First of all: What is a DaemonSet? A DaemonSet ensures that all (or some) Nodes run a copy of a Pod. As nodes are added to the cluster, Pods are added to them. As nodes are removed from the cluster, those Pods are garbage collected. Deleting a DaemonSet will clean up the Pods it created. For our Traefik pods this means that exactly one Traefik pod will run on every worker node. As I only have a few worker nodes that’s ok for me. If you have tens or hundreds of worker nodes then this makes probably not much sense ;-) But that’s not a problem as you can attach labels to a Kubernetes worker/node and assign a nodeSelector to your pod configuration to run Traefik DaemonSet only on specific nodes. For more information see Assigning Pods to Nodes documentation.

Now what’s in our Traefik DaemonSet specification? Let me shortly explain the important part’s from top to bottom:

updateStrategy:
  type: RollingUpdate

This specifies how the pods of the DaemonSet should be updated. I’ve chosen to use the RollingUpdate strategy. RollingUpdate means after you update a DaemonSet template, old DaemonSet pods will be killed, and new DaemonSet pods will be created automatically, in a controlled fashion. You can further fine tune the update process by setting maxUnavailable (default to 1) and minReadySeconds (default to 0) as well. maxUnavailable equals 1 means that only one pod of the whole DaemonSet while be updated and only if the updated one is healthy again the update process start with updating the next pod (also see Perform a Rolling Update on a DaemonSet.

hostNetwork: true

This pods will use the host network directly and not the “pod network” (the term “pod network” is a little bit misleading as there is no such thing - it basically just comes down to routing network packets and namespaces). So we can bind the Traefik ports on the host interface on port 80, 443, 8080 and 9090 (see below). That also means of course that no further pods of a DaemonSet can use this ports and of course also no other services on the worker nodes. But that’s what we want here as Traefik is basically our “external” loadbalancer for our “internal” services - our tunnel to the rest of the internet so to say ;-)

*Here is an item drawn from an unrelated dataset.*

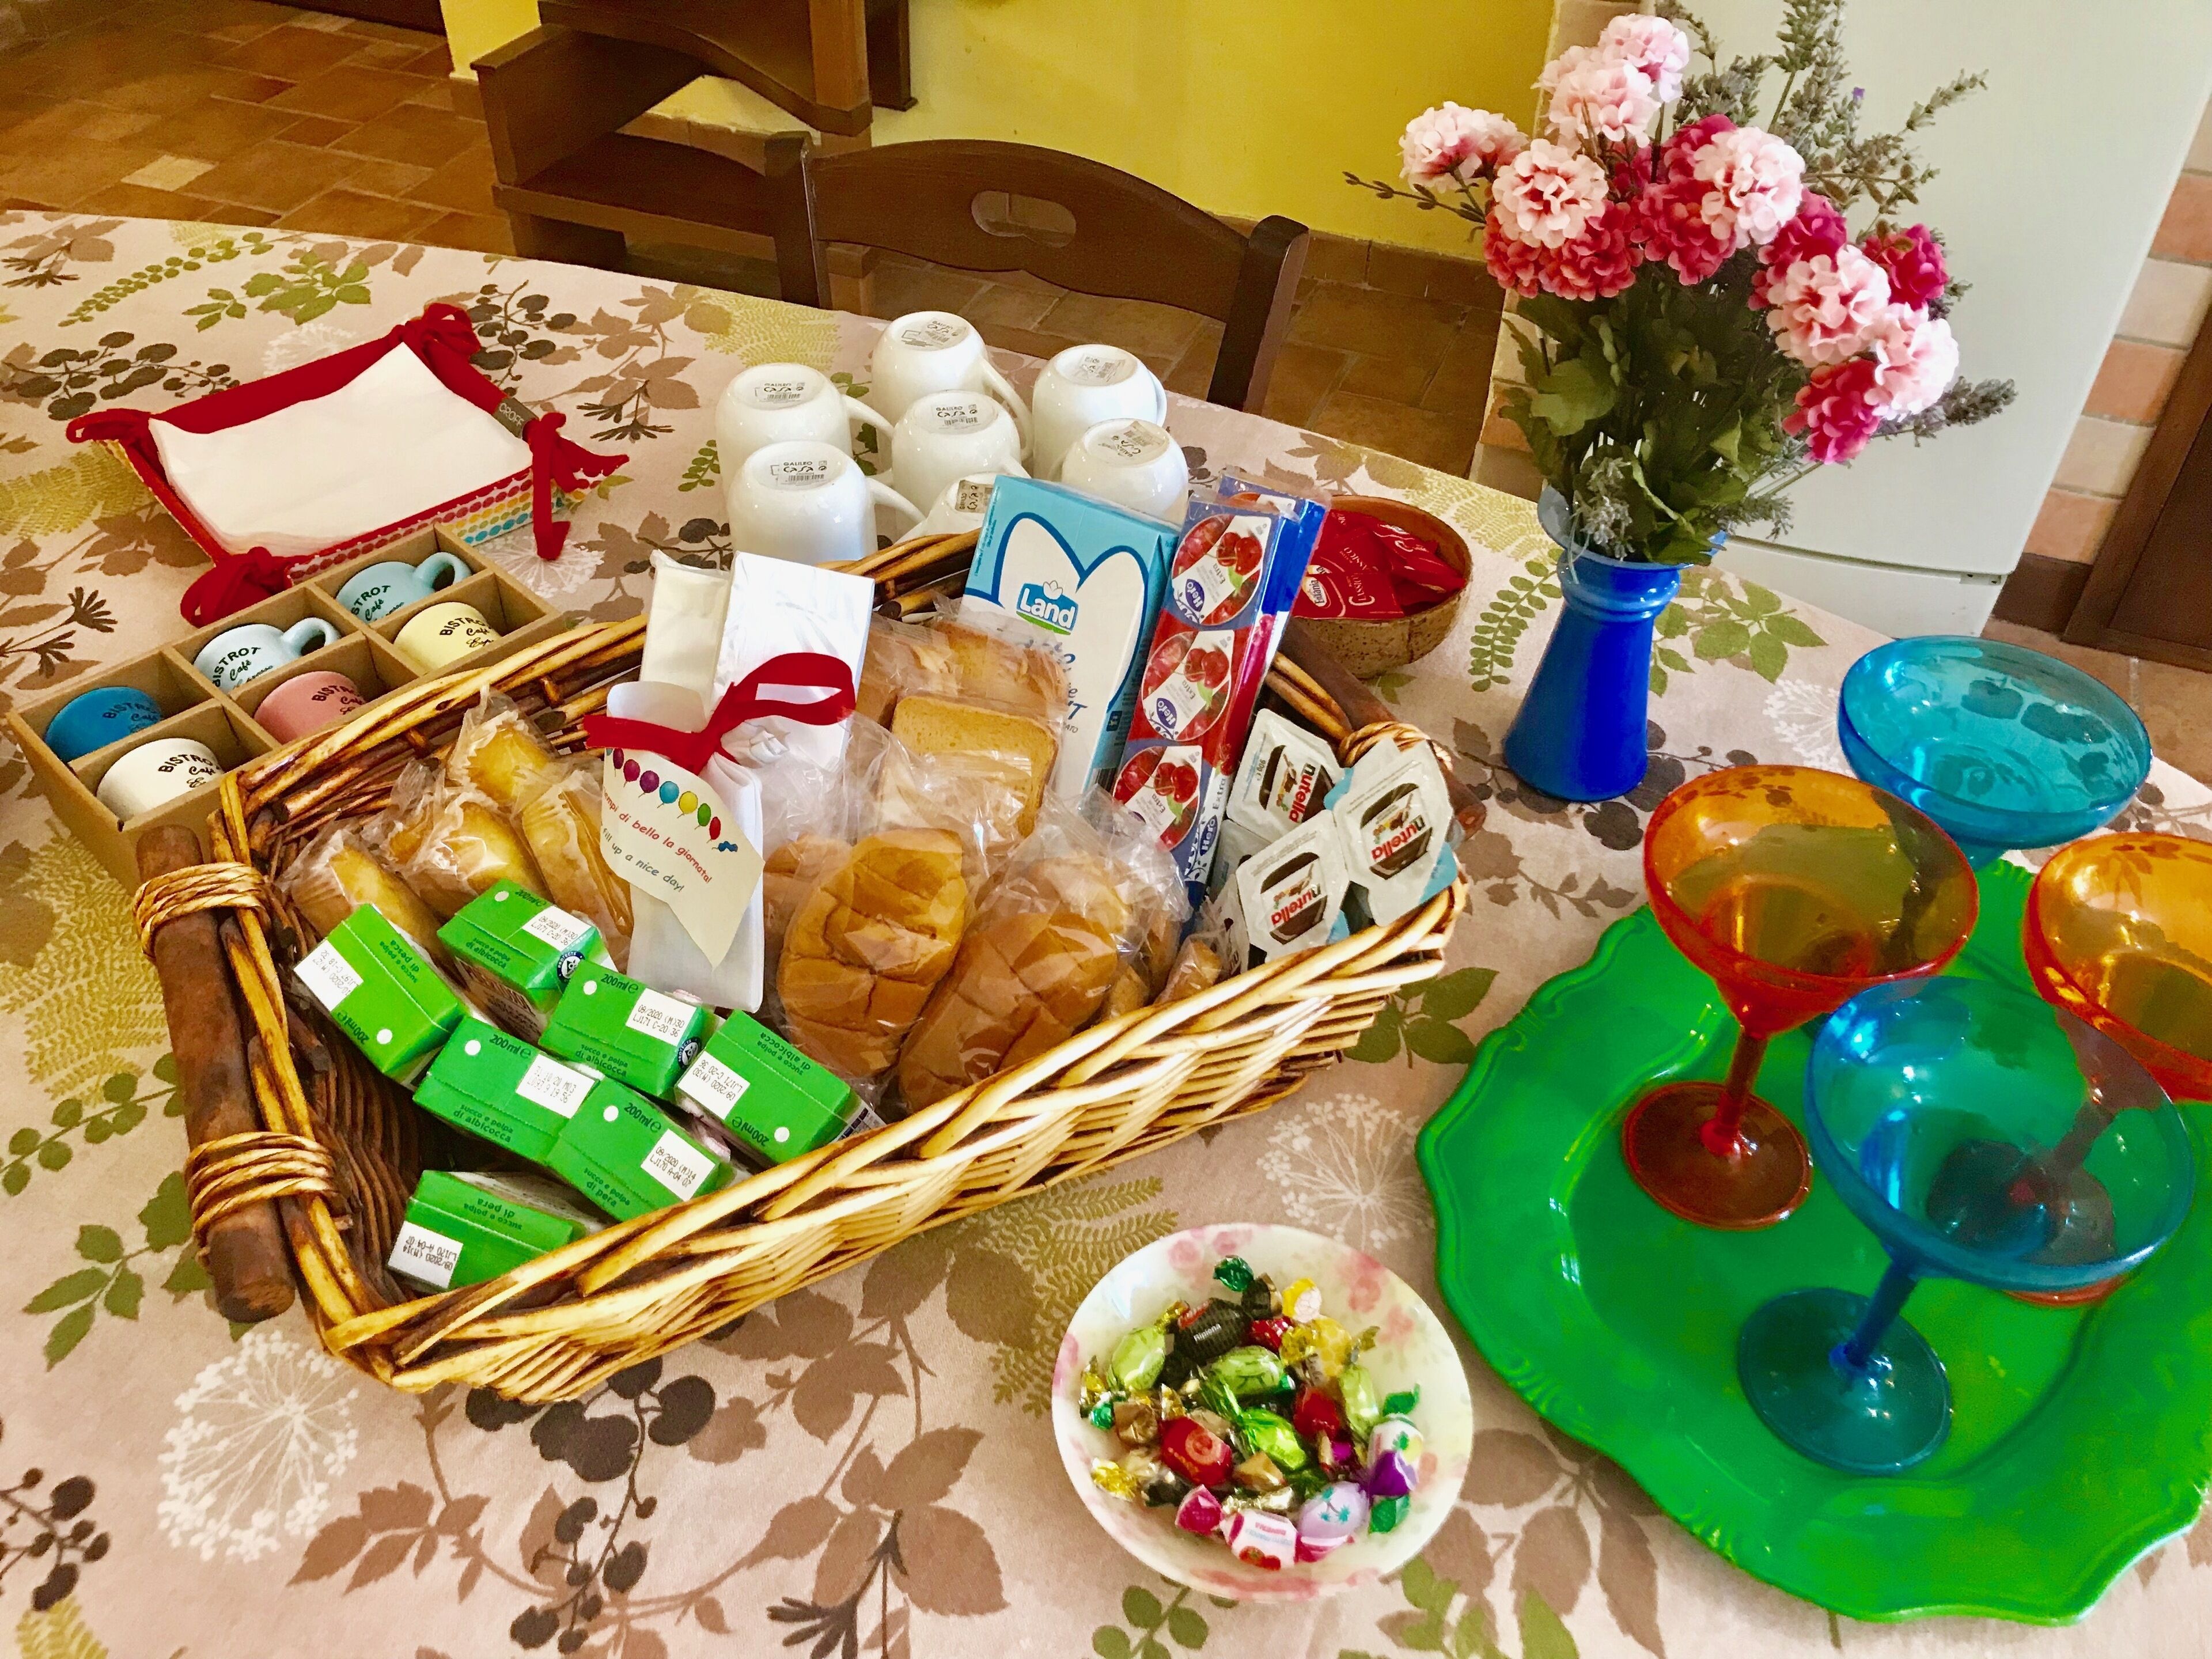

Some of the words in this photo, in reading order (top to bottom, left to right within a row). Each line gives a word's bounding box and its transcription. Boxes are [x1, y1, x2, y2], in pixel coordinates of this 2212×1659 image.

serviceAccountName: traefik-ingress-controller

Remember the service account variable we defined above? Here we define that the pods in this DaemonSet should use this service account which is also configured in ClusterRoleBinding we defined. The ClusterRoleBinding has the ClusterRole traefik-ingress-controller assigned which in turn means that Traefik is allowed to execute all the actions defined in ClusterRole traefik-ingress-controller.

dnsPolicy: ClusterFirstWithHostNet

This setting is important. It will configure the Traefik pods to use the Kubernetes cluster internal DNS server (most likely KubeDNS or CoreDNS). That means the pods /etc/resolv.conf will be configured to use the Kubernetes DNS server. Otherwise the DNS server of the Kubernetes node will be used (basically /etc/resolv.conf of the worker node but that can’t resolve cluster.local DNS e.g.).

image: traefik:v1.7.26-alpine

We’ll use Traefik v1.7.26 Alpine Linux container.

The livenessProbe and readinessProbe are important for the update process to decide if a pod update was successful.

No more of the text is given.